Optimizing testosterone production by purified adult rat Leydig cells in vitro

We sought to establish conditions that increased the duration of testosterone production by fully differentiated adult rat Leydig cells in primary culture. A freshly isolated suspension of highly purified adult rat Leydig cells produced 83 ng testosterone/10(6) Leydig cells.h-1 when incubated in Medium 199 in a 1.5 ml microfuge tube with shaking for 3 h with a maximally stimulating concentration of ovine luteinizing hormone (LH). Unfortunately, adult rat Leydig cells that were allowed to attach only to a plastic culture dish flattened out, and testosterone production diminished rapidly.

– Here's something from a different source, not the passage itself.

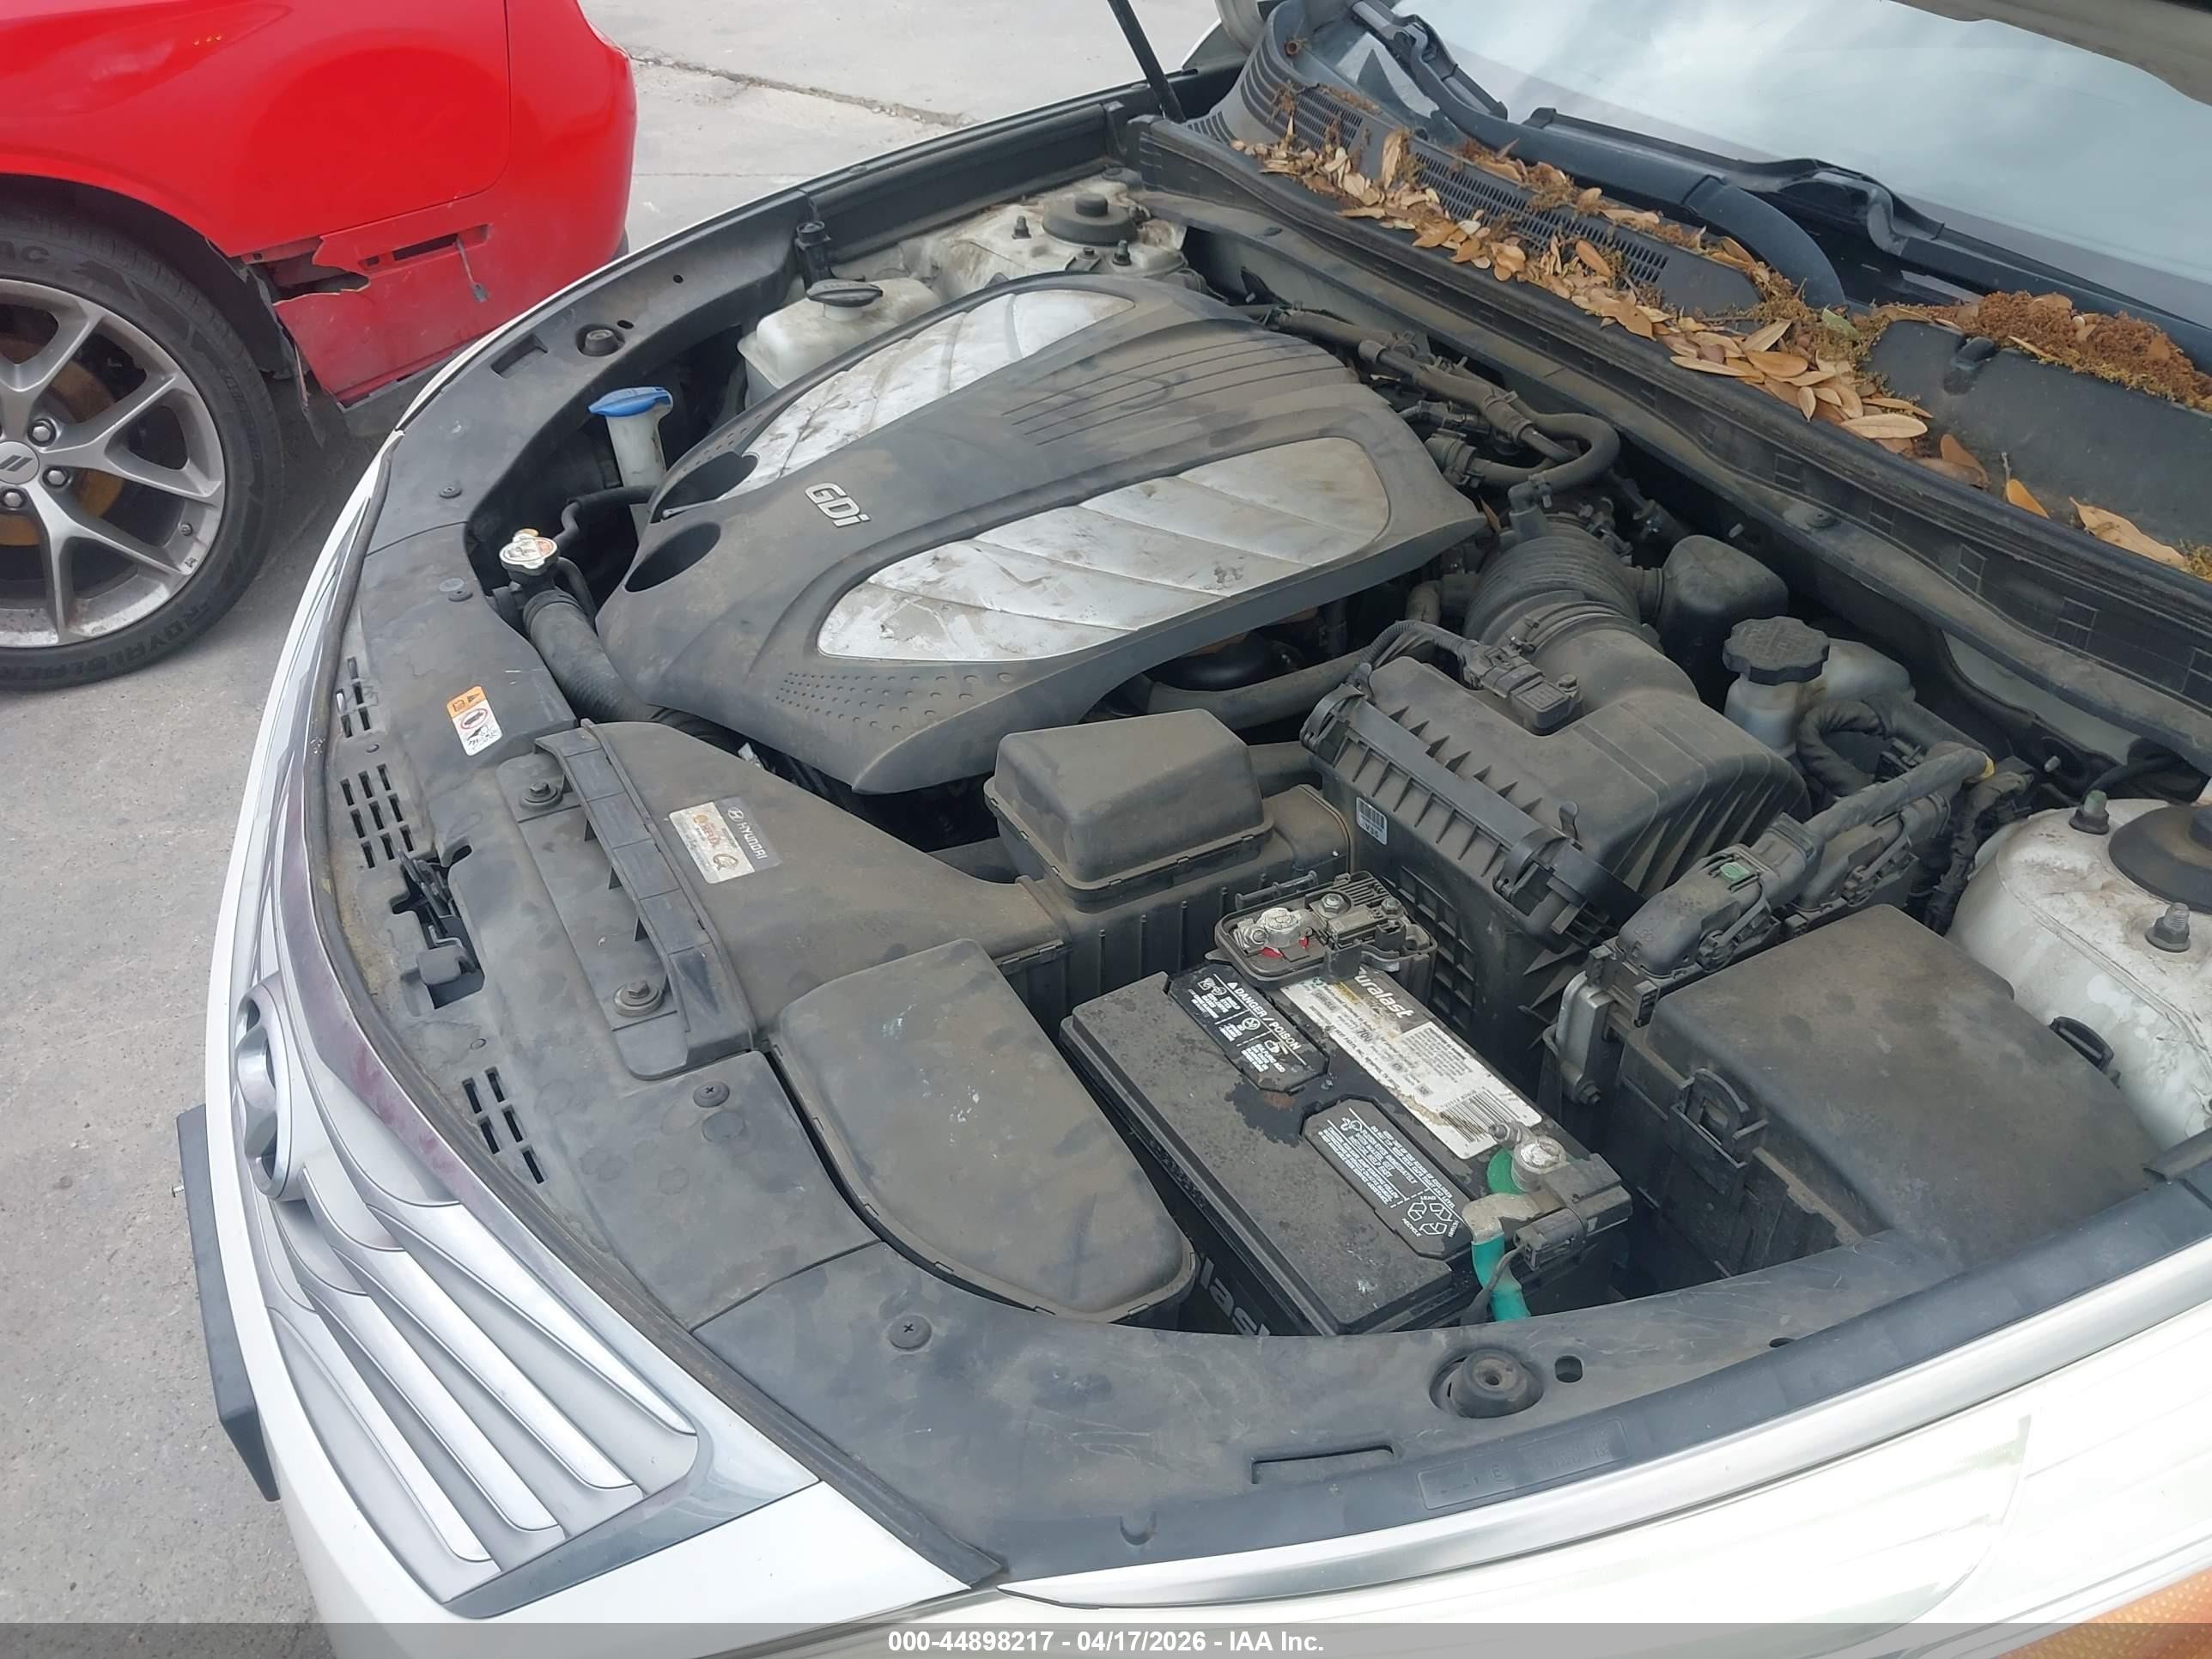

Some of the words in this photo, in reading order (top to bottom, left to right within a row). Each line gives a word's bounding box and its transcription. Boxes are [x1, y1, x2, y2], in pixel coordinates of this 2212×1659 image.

Leydig cells in Dulbecco's modified Eagles' medium-Ham's F12 (1:1; vol/vol) containing Cytodex 3 beads pre-equilibrated in culture medium containing fetal bovine serum attached to the beads and remained viable, but produced only 30 ng testosterone/10(6) Leydig cells.h-1 when incubated for 24 h with similar stimulation. Leydig cells similarly cultured and maximally stimulated with LH, responded to bovine lipoproteins (less than 1.222 g/ml) producing 105 ng of testosterone/10(6) Leydig cells.h-1 when incubated with 1 mg/ml bovine lipoprotein. Therefore, lipoproteins maintain the steroidogenic capacity of purified adult rat Leydig cells in primary culture for 24 h.